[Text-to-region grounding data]

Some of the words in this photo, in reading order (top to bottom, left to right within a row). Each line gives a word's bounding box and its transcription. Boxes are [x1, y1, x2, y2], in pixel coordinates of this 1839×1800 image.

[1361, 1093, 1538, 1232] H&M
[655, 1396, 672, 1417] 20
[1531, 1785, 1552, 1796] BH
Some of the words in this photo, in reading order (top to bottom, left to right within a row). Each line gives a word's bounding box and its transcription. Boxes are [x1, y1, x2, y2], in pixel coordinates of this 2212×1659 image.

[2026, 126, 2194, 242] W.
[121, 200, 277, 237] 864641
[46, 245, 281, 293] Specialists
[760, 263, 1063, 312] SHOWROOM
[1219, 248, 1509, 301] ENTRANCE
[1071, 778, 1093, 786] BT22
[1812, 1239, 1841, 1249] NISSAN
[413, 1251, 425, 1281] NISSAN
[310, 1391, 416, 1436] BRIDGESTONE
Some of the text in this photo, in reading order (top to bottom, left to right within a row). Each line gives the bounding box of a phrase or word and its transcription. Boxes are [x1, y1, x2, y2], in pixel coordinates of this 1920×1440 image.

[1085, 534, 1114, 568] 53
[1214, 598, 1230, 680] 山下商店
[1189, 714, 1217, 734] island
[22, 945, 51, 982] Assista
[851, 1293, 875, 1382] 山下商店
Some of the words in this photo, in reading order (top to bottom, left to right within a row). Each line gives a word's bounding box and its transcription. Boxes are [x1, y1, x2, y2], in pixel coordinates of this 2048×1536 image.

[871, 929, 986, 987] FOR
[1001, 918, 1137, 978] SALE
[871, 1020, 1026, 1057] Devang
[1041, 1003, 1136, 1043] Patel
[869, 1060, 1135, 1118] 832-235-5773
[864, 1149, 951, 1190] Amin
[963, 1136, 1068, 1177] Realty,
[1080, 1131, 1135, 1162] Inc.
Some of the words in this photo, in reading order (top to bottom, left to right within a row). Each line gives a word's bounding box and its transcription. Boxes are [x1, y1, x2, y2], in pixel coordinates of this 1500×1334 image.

[WHAT IS REQUIRED]
What is needed is an exact, complete copy of the entries above.

[WRITTEN SOLUTION]
Some of the words in this photo, in reading order (top to bottom, left to right within a row). Each line gives a word's bounding box and its transcription. Boxes are [x1, y1, x2, y2], in pixel coordinates of this 1839×1800 image.

[1361, 1093, 1538, 1232] H&M
[655, 1396, 672, 1417] 20
[1531, 1785, 1552, 1796] BH
Some of the words in this photo, in reading order (top to bottom, left to right within a row). Each line gives a word's bounding box and its transcription. Boxes are [x1, y1, x2, y2], in pixel coordinates of this 2212×1659 image.

[2026, 126, 2194, 242] W.
[121, 200, 277, 237] 864641
[46, 245, 281, 293] Specialists
[760, 263, 1063, 312] SHOWROOM
[1219, 248, 1509, 301] ENTRANCE
[1071, 778, 1093, 786] BT22
[1812, 1239, 1841, 1249] NISSAN
[413, 1251, 425, 1281] NISSAN
[310, 1391, 416, 1436] BRIDGESTONE
Some of the text in this photo, in reading order (top to bottom, left to right within a row). Each line gives the bounding box of a phrase or word and its transcription. Boxes are [x1, y1, x2, y2], in pixel coordinates of this 1920×1440 image.

[1085, 534, 1114, 568] 53
[1214, 598, 1230, 680] 山下商店
[1189, 714, 1217, 734] island
[22, 945, 51, 982] Assista
[851, 1293, 875, 1382] 山下商店
Some of the words in this photo, in reading order (top to bottom, left to right within a row). Each line gives a word's bounding box and its transcription. Boxes are [x1, y1, x2, y2], in pixel coordinates of this 2048×1536 image.

[871, 929, 986, 987] FOR
[1001, 918, 1137, 978] SALE
[871, 1020, 1026, 1057] Devang
[1041, 1003, 1136, 1043] Patel
[869, 1060, 1135, 1118] 832-235-5773
[864, 1149, 951, 1190] Amin
[963, 1136, 1068, 1177] Realty,
[1080, 1131, 1135, 1162] Inc.
Some of the words in this photo, in reading order (top to bottom, left to right within a row). Each line gives a word's bounding box and its transcription. Boxes are [x1, y1, x2, y2], in pixel coordinates of this 1500×1334 image.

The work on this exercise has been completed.